From ed331e2f87053e9e9a3159fc6ec3f7d2d41444d7 Mon Sep 17 00:00:00 2001
From: Maximilian Speicher <maximilian.speicher@tum.de>
Date: Fri, 2 Apr 2021 11:24:18 +0200
Subject: [PATCH 1/4] WIP: read pq table chunked

---
 awswrangler/_data_types.py      | 14 +++++++-------
 awswrangler/s3/_read.py         |  4 ++--
 awswrangler/s3/_read_parquet.py | 19 ++++++++++++-------
 3 files changed, 21 insertions(+), 16 deletions(-)
diff --git a/awswrangler/_data_types.py b/awswrangler/_data_types.py
index 0f137f8b1..5cd2cd10a 100644
--- a/awswrangler/_data_types.py
+++ b/awswrangler/_data_types.py
@@ -632,24 +632,24 @@ def _cast2date(value: Any) -> Any:
 
 def _cast_pandas_column(df: pd.DataFrame, col: str, current_type: str, desired_type: str) -> pd.DataFrame:
     if desired_type == "datetime64":
-        df[col] = pd.to_datetime(df[col])
+        df.loc[:, col] = pd.to_datetime(df.loc[:, col])
     elif desired_type == "date":
-        df[col] = df[col].apply(lambda x: _cast2date(value=x)).replace(to_replace={pd.NaT: None})
+        df.loc[:, col] = df.loc[:, col].apply(lambda x: _cast2date(value=x)).replace(to_replace={pd.NaT: None})
     elif desired_type == "bytes":
-        df[col] = df[col].astype("string").str.encode(encoding="utf-8").replace(to_replace={pd.NA: None})
+        df.loc[:, col] = df.loc[:, col].astype("string").str.encode(encoding="utf-8").replace(to_replace={pd.NA: None})

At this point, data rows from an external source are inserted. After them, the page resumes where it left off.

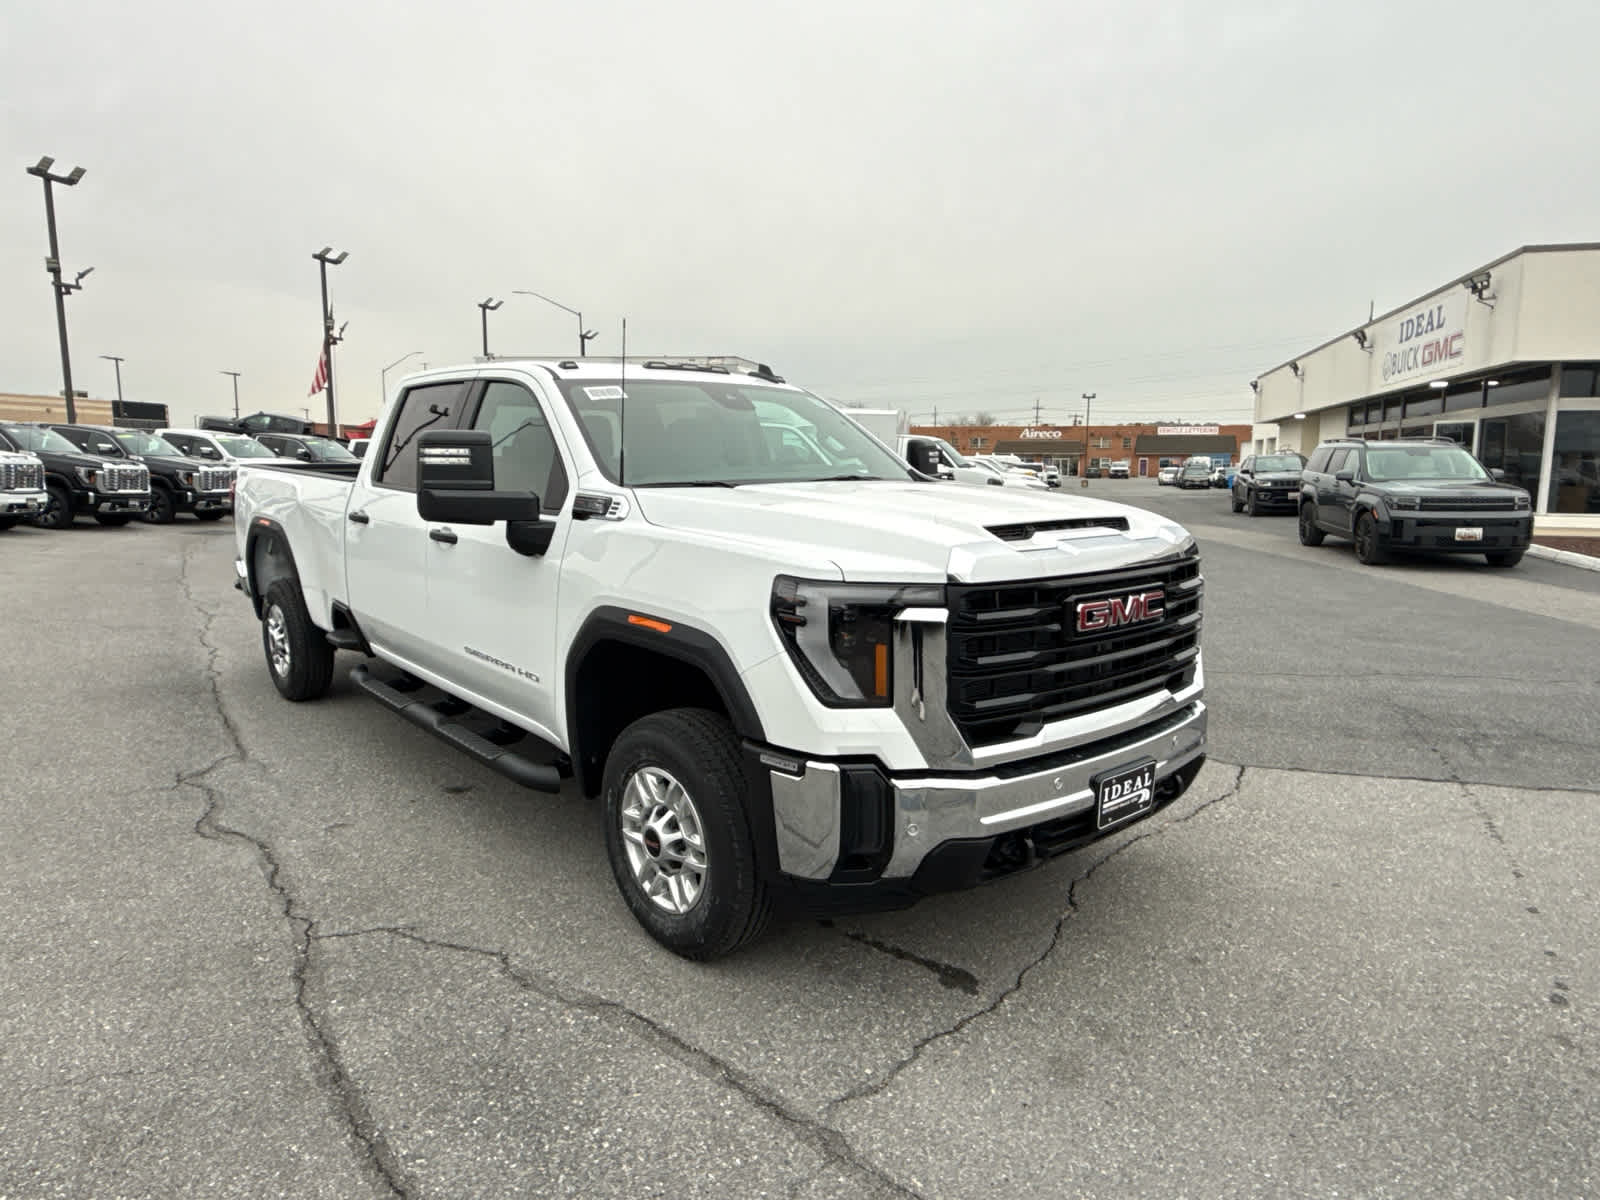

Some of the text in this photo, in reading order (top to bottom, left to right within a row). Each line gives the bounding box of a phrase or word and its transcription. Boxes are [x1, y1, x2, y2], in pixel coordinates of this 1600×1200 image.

[1399, 304, 1446, 344] IDEAL
[1391, 332, 1463, 375] BUICK GMC
[1019, 428, 1062, 439] Aireco
[1076, 590, 1164, 632] GMC
[518, 667, 540, 683] HD
[1103, 772, 1152, 803] IDEAL

     elif desired_type == "decimal":
         # First cast to string
         df = _cast_pandas_column(df=df, col=col, current_type=current_type, desired_type="string")

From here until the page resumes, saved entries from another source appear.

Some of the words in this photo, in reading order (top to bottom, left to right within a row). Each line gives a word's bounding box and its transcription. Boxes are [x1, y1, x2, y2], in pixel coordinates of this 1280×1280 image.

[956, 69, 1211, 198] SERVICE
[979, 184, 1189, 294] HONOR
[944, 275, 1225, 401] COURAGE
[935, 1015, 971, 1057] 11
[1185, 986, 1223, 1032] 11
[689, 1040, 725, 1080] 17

         # Then cast to decimal
-        df[col] = df[col].apply(lambda x: Decimal(str(x)) if str(x) not in ("", "none", "None", " ", "<NA>") else None)
+        df.loc[:, col] = df.loc[:, col].apply(lambda x: Decimal(str(x)) if str(x) not in ("", "none", "None", " ", "<NA>") else None)
     else:
         try:
-            df[col] = df[col].astype(desired_type)

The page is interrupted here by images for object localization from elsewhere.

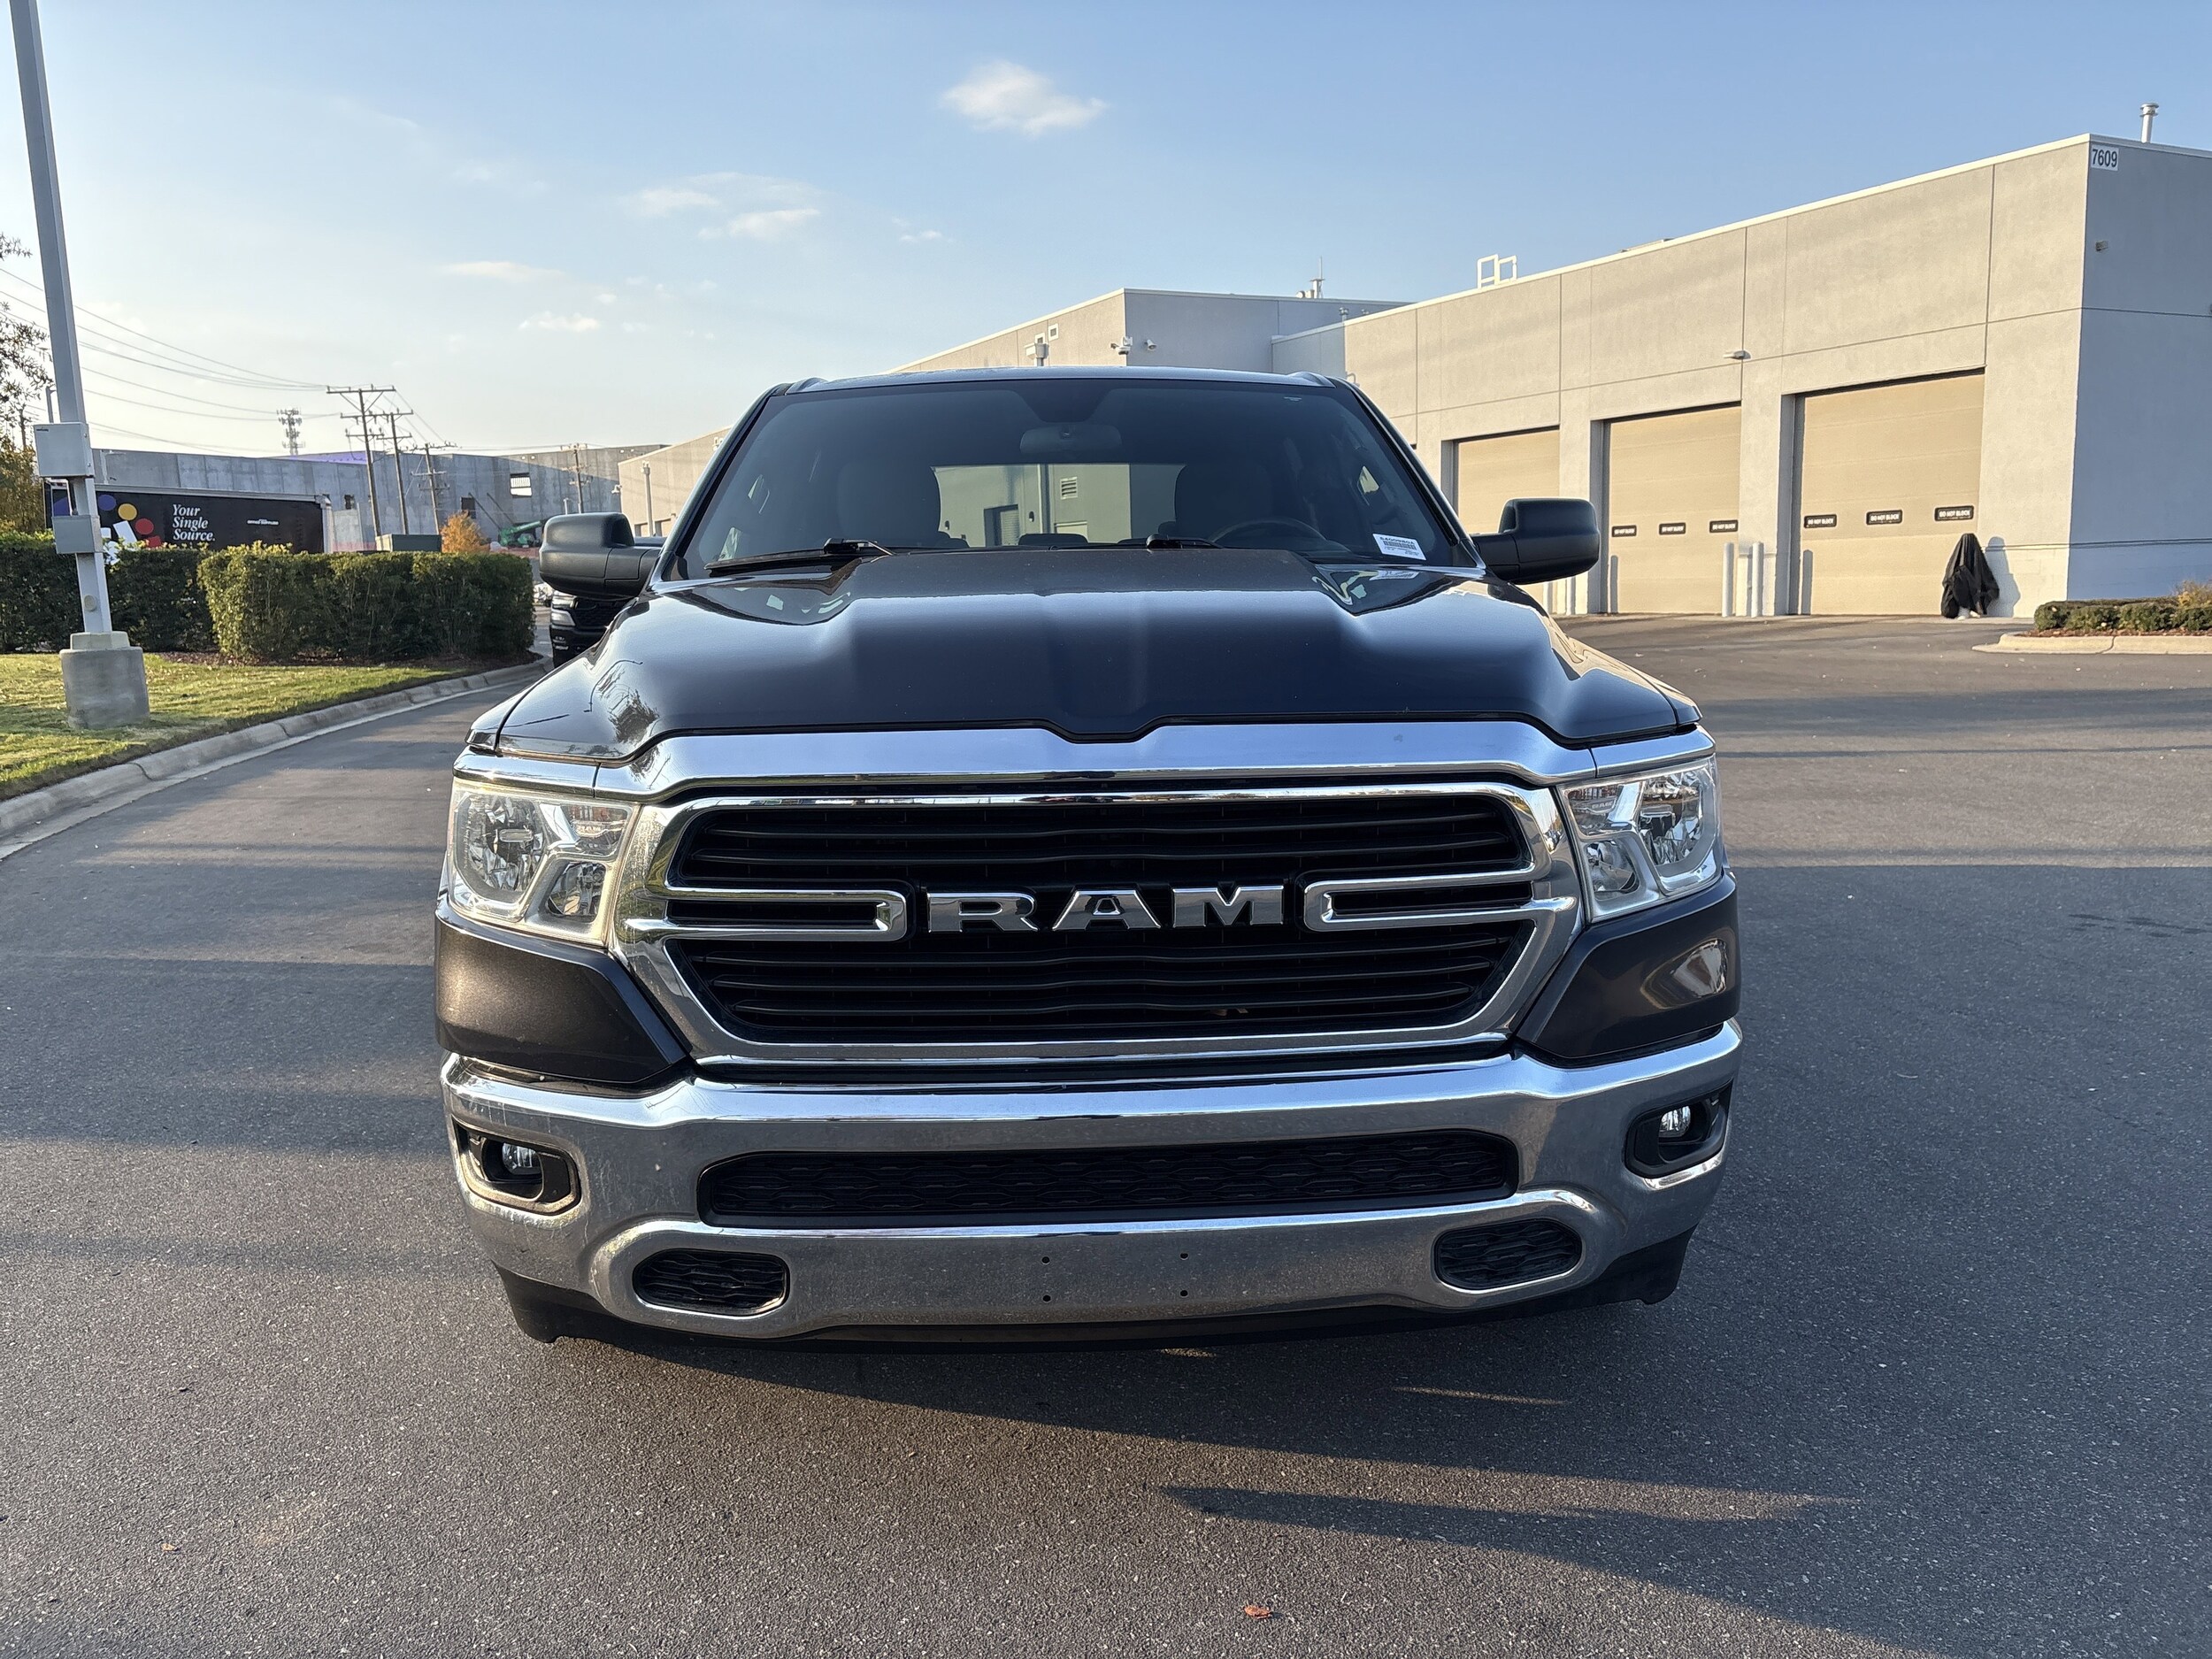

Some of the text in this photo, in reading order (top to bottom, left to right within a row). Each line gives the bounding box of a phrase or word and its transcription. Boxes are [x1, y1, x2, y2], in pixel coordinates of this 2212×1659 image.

[2093, 149, 2117, 167] 7609
[173, 504, 201, 516] Your
[173, 517, 209, 532] Single
[173, 528, 216, 541] Source.
[926, 885, 1285, 933] RAM

+            df.loc[:, col] = df.loc[:, col].astype(desired_type)
         except TypeError as ex:
             if "object cannot be converted to an IntegerDtype" not in str(ex):
                 raise ex
-            df[col] = (
-                df[col]
+            df.loc[:, col] = (
+                df.loc[:, col]
                 .apply(lambda x: int(x) if str(x) not in ("", "none", "None", " ", "<NA>") else None)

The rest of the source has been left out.